Um contista de futebol bissexto

Por Edônio Alves

O futebol é sabidamente um jogo entranhado na vida brasileira. Queremos dizer com isso que o jogo de bola aos pés, cuja trajetória em nossa história cultural e literária procuramos explicitar nos textos publicados nesse blog, a partir de sua efetivação por meio do concurso mútuo do campo do jornalismo com o da literatura, já se firmou como mote especulativo de abrangência e legitimidade tais que os autores brasileiros de ficção têm facilmente como justificar, com a eficácia própria dos seus trabalhos literários, o investimento direcional que essa produção tem feito no assunto.

 Tal motivo literário é hoje – podemos dizer junto com o que dizem alguns textos aqui já analisados – um meio riquíssimo (dentre outros já canônicos e estabelecidos) através do qual a nossa arte literária vem eficazmente discutindo a condição humana específica do homem brasileiro, considerado na sua vinculação a uma cultura e ambiente próprios.

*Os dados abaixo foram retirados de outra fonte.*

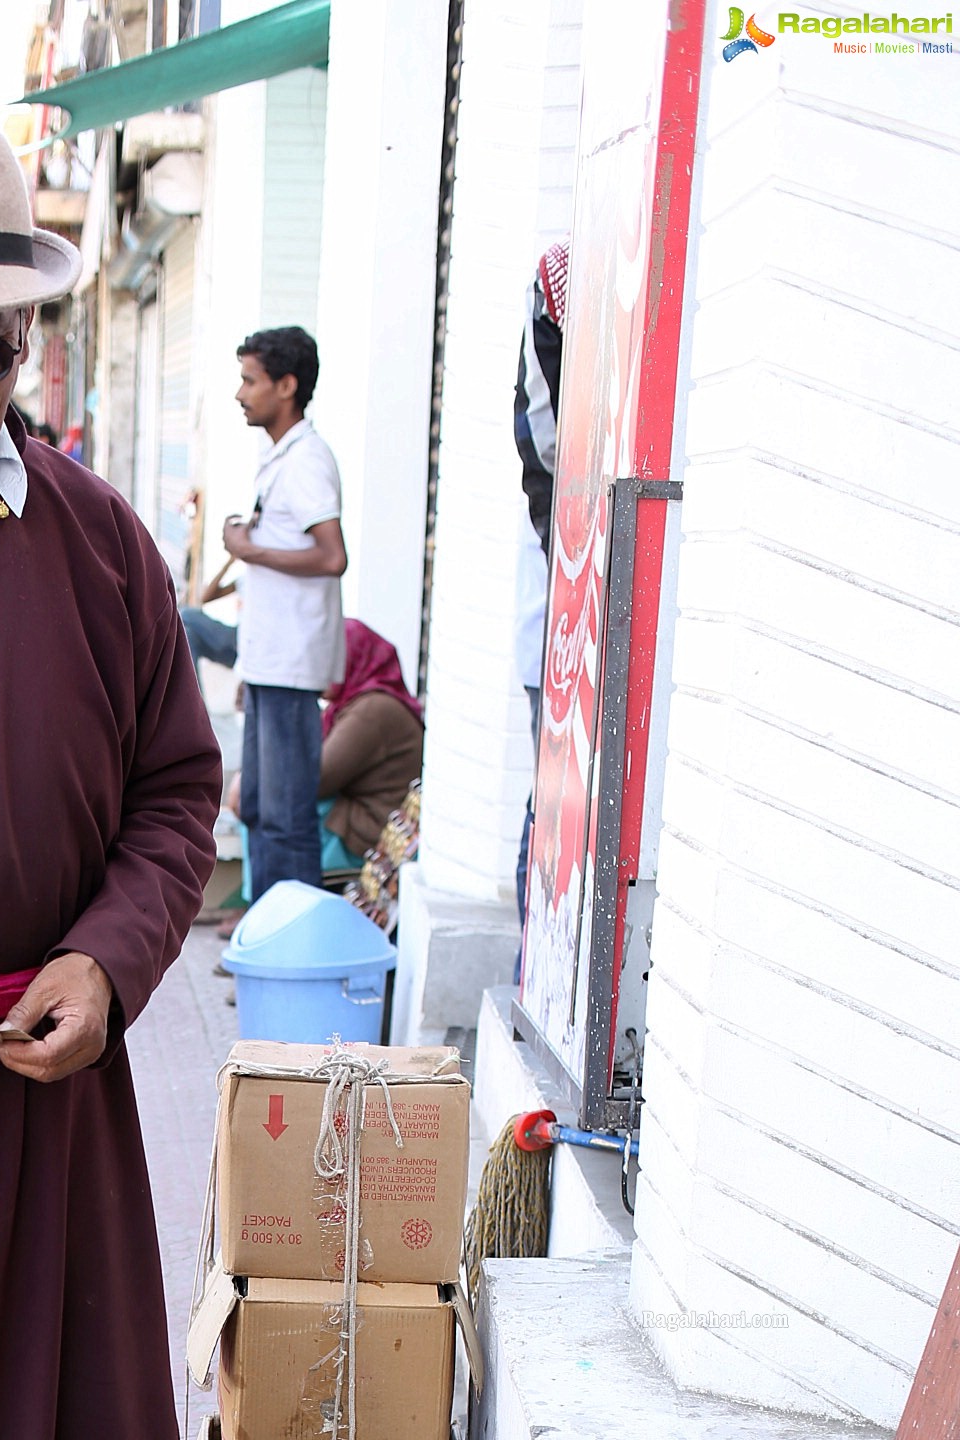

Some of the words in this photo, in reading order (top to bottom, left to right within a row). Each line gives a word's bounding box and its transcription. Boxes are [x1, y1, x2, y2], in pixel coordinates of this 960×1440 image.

Assim é que, isolado o homem por trás da bola, como queria conceber Nelson Rodrigues, ou percebido na sua relação visceral com esta, como tentam apanhá-lo na condição de jogador outros tantos autores, a motivação especulativa do futebol tem gradativamente se firmado em nossa literatura como uma demanda geral a que não escapa nenhum olhar atento de escritor verdadeiramente imbuído de propósitos analísticos quanto a nossa realidade social.

Há, portanto, integrados na grande constelação de grandes autores de nossas letras, uns que tem dedicado mais atenção ao tema do futebol e outros menos. Uns até que tomaram o tema como fato motor de suas carreiras literárias e outros que só tangenciam o assunto esporadicamente; aproveitando o vai-e-vem das ondas de imput e output dos recortes emergentes em tais ou quais momentos da nossa vida cultural em ebulição.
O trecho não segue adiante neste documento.